Friday, December 03, 2010

Friday Night

I was struggling as to whether or not to put this up.
I still may take it down.
I'm not sure yet.

Like I’ve mentioned before, I love my job. I really can’t imagine doing anything else (though, I have decided that I want to be a backup singer for Neil Diamond when I grow up – but that’s a different story for a different day).

This being said, going back to work after this maternity leave has been challenging. On top of having another urchin around the house, I’m in a new building, owned by a company I’m not familiar with, with new staff, new rules and new clients. The most difficult aspect of this has been transitioning to a caseload with advanced dementia.

Before I was used to working with people with no impairments to moderate dementia. Nothing crazy, but occasionally just enough to know that things weren’t quite right. Now I am working with a population that has severe to end-stage dementia.

BIG DIFFERENCE.

There is no new learning. I have about 30-60 seconds of retention to work with. The rest of what we do needs to stem from previously learned, rote activities.

No easy task, I assure you.

I see people raw. With dementia you can’t cover things up. There aren’t niceties. There is no seven second delay. People say what they think and feel. It’s all out there.

Some days this can be exhausting. It makes me want to bang my head on the wall and sit in the corner sucking my binkie.

But some days it can be beautiful. So beautiful I can do nothing but cry.

I was standing the other day with a very lovely woman who has severe dementia. She knows her name. But other than that, she struggles to recall basic things. She needs assistance to perform most tasks.

We were looking at a long line of family photos. I knew she couldn’t remember who was in the pictures, so I commented on how the people were dressed or their smiles or the backdrops. Her speech is limited and our conversation consisted mostly of short, one to two word phrases.

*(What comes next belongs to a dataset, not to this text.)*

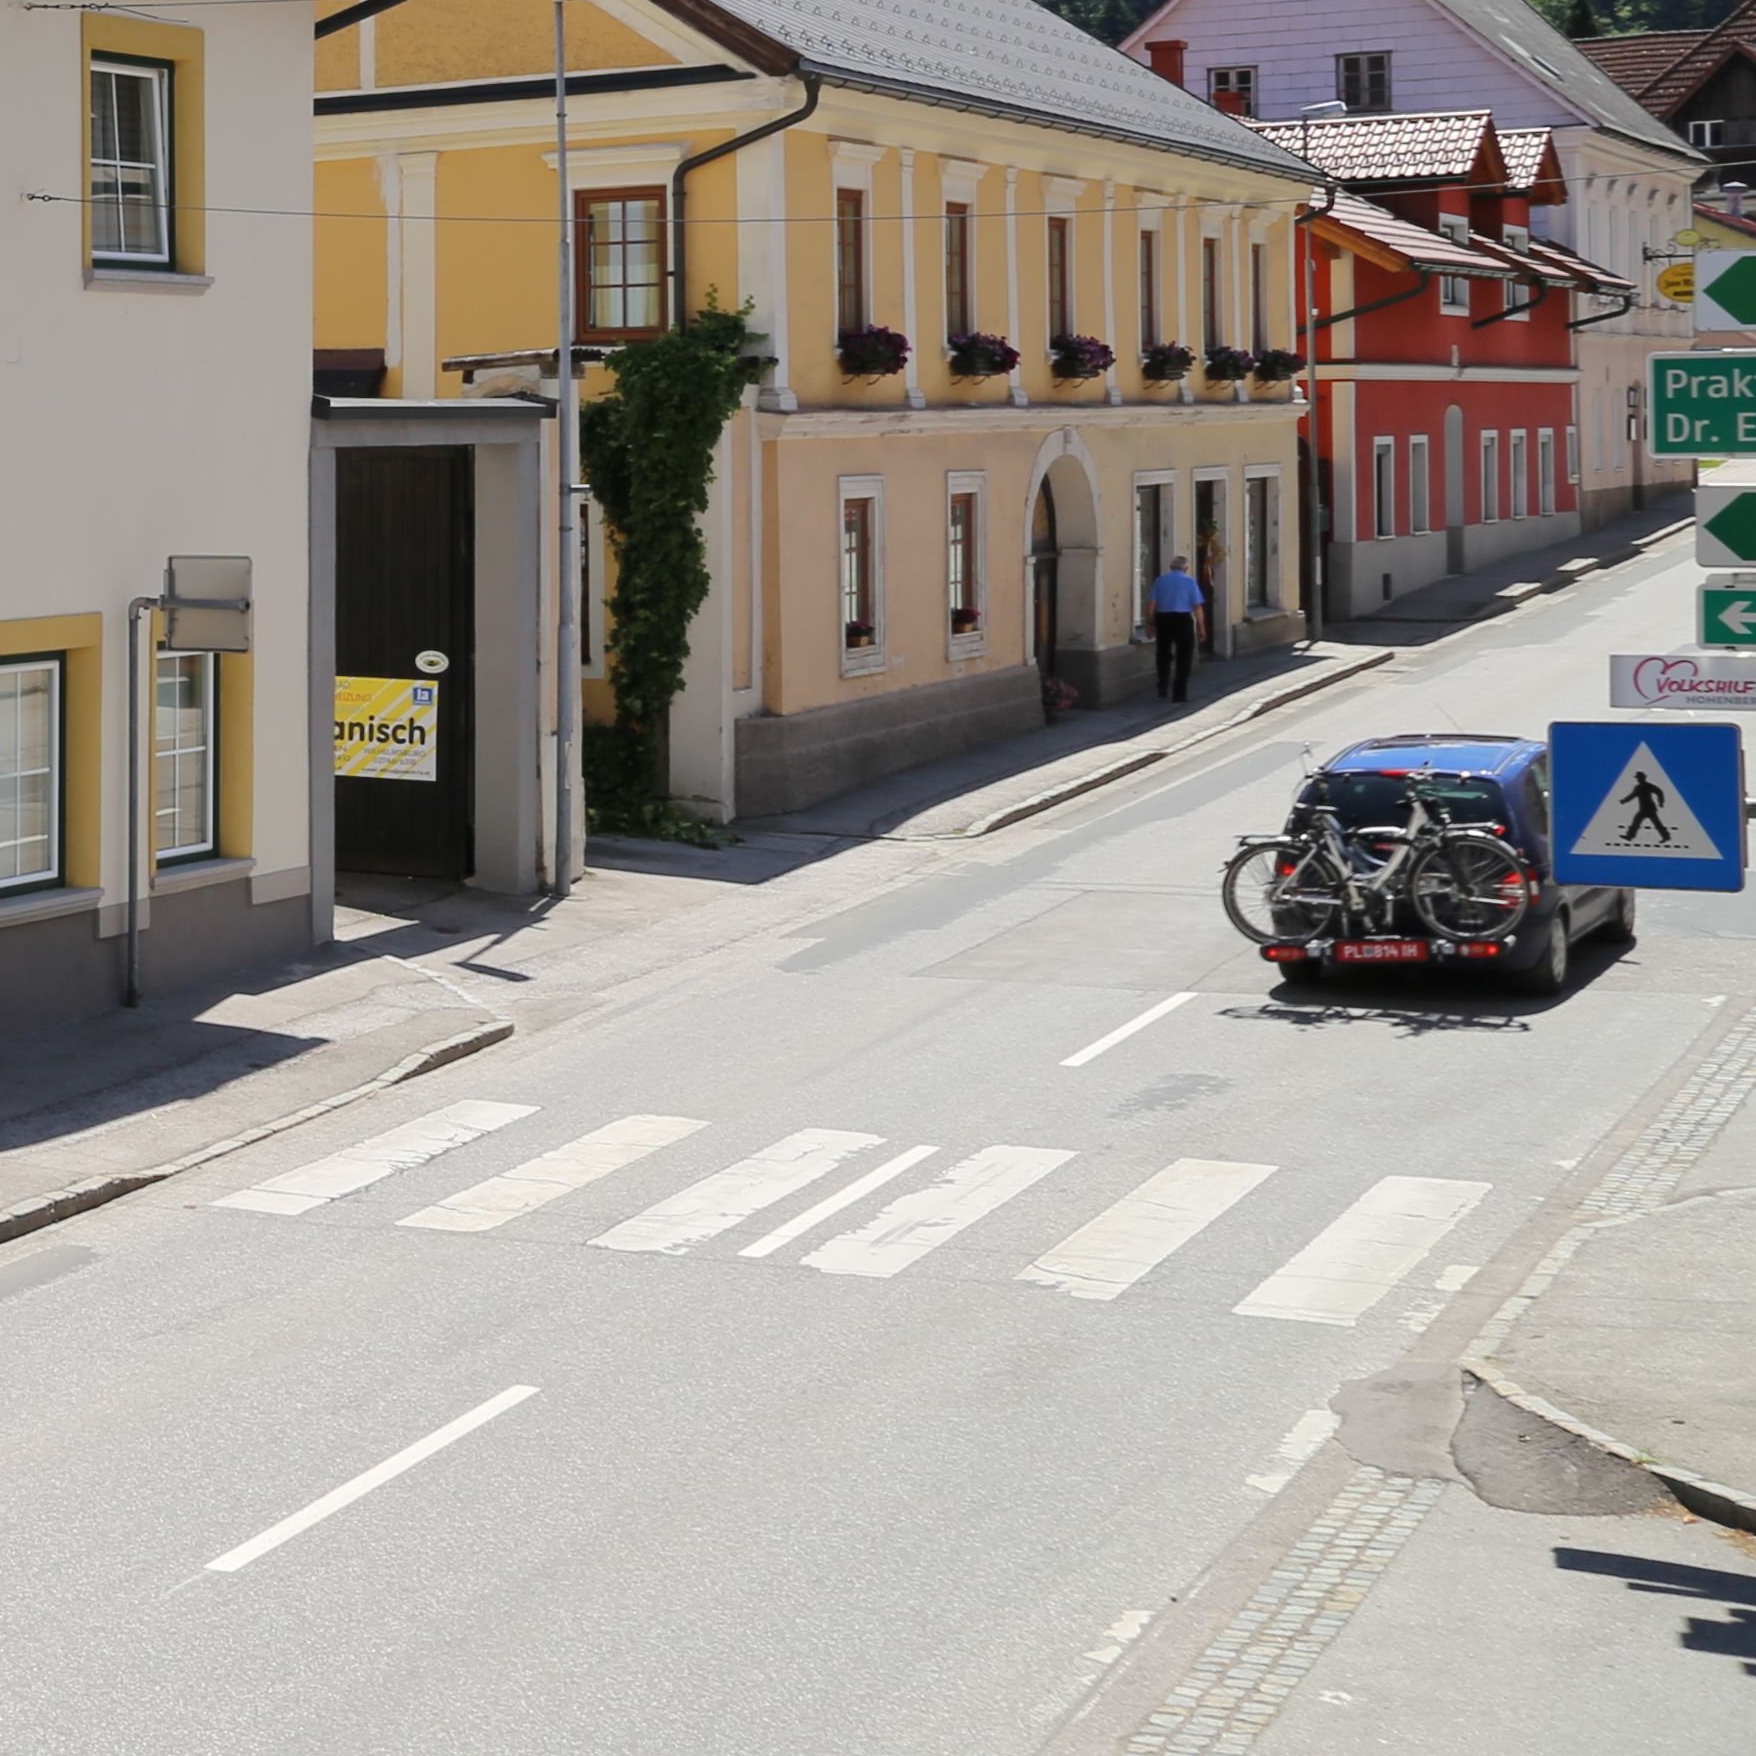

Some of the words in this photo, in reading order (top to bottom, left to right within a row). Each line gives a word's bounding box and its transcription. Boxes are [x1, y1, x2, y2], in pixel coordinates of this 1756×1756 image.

Then, clear as day, when looking at a picture of her mother, she said to me, “I see spirits. They’re not here, but I know they’re okay. They know I’m okay. They love me. They help you take care of me.”

WOW.

As I stood there, arm in arm with this beautiful lady, all I could think of was her mother. I prayed that her mother knew she was okay. That she knew there were people here taking care of her baby girl until she could be with her again. And I prayed that if my children were ever in a similar situation that there would be someone to take care of them. Someone to let me know they were loved. Someone to hug them for me, until I could hug them again.

At the end of the day I went home and cried. And I hugged my babies.

And I thanked God.

For everything.

2 Comments:

Blogger Posegates said...

Karen,

That was just beautiful. Thanks for sharing...made me cry. I can only begin to imagine how hard it is to work with your clients with severe dementia. A big hug for you, girl. You're my hero!

7:48 PM  
Blogger Tom said...

Wow. Definitely wow.

You're forgetting the other remarkable person in this story -- the therapist. Someone less patient, less optimistic, less caring might not have brought out such a golden moment.